Microorganisms perform key functions in ecosystems and their diversity reflects the health of their environment. However, they are still largely under-exploited in current biomonitoring programs because they are difficult to identify. Researchers from the University of Geneva (UNIGE), Switzerland, have recently developed an approach combining two cutting edge technologies to fill this gap. They use genomic tools to sequence the DNA of microorganisms in samples, and then exploit this considerable amount of data with artificial intelligence. They build predictive models capable of establishing a diagnosis of the health of ecosystems on a large scale and identify species that perform important functions.
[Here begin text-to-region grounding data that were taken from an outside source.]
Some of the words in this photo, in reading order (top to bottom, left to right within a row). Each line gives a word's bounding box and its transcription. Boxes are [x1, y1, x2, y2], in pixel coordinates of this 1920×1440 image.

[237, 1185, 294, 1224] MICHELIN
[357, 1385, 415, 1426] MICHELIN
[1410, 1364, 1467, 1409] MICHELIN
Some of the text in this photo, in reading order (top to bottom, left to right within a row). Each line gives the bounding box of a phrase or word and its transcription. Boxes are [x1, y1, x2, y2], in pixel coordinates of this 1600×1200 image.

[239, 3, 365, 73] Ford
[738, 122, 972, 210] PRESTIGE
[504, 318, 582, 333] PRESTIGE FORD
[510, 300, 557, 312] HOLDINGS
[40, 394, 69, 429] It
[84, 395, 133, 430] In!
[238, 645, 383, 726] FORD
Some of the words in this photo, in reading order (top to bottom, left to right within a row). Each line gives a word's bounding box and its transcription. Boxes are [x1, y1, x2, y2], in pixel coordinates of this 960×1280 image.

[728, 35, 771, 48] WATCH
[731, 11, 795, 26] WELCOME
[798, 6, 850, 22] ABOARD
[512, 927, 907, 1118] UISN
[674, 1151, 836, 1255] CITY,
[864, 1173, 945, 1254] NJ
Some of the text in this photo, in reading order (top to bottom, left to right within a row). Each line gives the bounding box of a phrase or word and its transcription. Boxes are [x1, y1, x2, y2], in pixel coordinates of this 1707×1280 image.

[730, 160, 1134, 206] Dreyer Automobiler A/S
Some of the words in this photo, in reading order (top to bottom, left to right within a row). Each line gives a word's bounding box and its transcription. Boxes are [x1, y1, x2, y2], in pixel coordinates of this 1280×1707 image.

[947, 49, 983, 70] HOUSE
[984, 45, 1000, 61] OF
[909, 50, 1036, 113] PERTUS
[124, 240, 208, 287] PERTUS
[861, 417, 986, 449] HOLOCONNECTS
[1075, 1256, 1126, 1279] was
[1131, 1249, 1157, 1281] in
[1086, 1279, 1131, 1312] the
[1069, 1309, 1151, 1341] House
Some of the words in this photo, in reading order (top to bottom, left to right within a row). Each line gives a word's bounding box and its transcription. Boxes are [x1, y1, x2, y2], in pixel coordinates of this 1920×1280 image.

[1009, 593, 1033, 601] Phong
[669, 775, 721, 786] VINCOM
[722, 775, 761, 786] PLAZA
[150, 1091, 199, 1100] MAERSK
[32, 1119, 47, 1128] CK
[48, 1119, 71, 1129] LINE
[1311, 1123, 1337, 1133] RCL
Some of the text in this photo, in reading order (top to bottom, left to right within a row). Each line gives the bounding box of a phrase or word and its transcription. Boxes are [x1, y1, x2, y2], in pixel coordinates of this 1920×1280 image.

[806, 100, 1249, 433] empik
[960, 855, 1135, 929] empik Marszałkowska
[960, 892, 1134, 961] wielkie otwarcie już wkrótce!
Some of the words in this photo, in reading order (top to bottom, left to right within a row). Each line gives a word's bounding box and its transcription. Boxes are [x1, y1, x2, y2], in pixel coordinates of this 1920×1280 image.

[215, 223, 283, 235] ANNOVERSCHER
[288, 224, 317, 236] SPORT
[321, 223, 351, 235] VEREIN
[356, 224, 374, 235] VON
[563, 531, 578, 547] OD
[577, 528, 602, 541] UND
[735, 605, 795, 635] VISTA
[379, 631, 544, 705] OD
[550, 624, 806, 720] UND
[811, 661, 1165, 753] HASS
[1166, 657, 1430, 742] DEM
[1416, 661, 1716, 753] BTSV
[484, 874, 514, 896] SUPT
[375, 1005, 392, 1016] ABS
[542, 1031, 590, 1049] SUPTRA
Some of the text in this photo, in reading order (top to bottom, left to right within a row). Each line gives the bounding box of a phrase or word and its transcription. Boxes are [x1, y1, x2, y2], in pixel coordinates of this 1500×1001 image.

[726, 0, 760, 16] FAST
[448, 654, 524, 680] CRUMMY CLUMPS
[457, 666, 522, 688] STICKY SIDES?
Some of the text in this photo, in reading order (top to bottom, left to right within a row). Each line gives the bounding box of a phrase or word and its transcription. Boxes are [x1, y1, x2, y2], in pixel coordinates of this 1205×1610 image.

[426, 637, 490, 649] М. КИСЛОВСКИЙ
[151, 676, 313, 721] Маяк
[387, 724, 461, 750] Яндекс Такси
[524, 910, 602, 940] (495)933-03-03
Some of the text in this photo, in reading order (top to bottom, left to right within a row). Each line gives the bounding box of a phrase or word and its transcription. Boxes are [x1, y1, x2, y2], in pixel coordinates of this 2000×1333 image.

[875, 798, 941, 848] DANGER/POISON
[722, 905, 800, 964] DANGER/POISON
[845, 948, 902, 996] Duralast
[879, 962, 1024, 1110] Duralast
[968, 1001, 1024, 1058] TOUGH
This new approach, published in the journal Trends in Microbiology, will significantly increase the observation capacity of large ecosystems and reduce the time of analysis for very efficient routine biomonitoring programs.

Monitoring the health status of ecosystems is of crucial importance in a context of sustainable development and increasing human pressure on the environment. Different species of micro-organisms sensitive to changes in their surroundings are used as bio-indicators for monitoring environmental quality. However, their morphological identification requires a lot of time and expertise. “A year ago, we were able to establish a water quality index based solely on the DNA sequences of unicellular algae present in the samples, without needing to visually identify each species”, explains Jan Pawlowski, Professor at the Department of Genetics and Evolution of the UNIGE Faculty of Science.


Use DNA sequences without having to identify them

Genomic tools make it possible to quickly and very accurately describe the biological communities inhabiting an environment. However, a large proportion of the data cannot be used to conduct environmental health diagnoses because many DNA sequences are not referenced in existing databases. The species that possess these sequences are therefore unknown, as well as their ecological role. “In order to exploit all environmental genomics data, namely all the biodiversity of the samples, we used a machine learning algorithm”, notes Tristan Cordier, a member of the Geneva group and first author of the study.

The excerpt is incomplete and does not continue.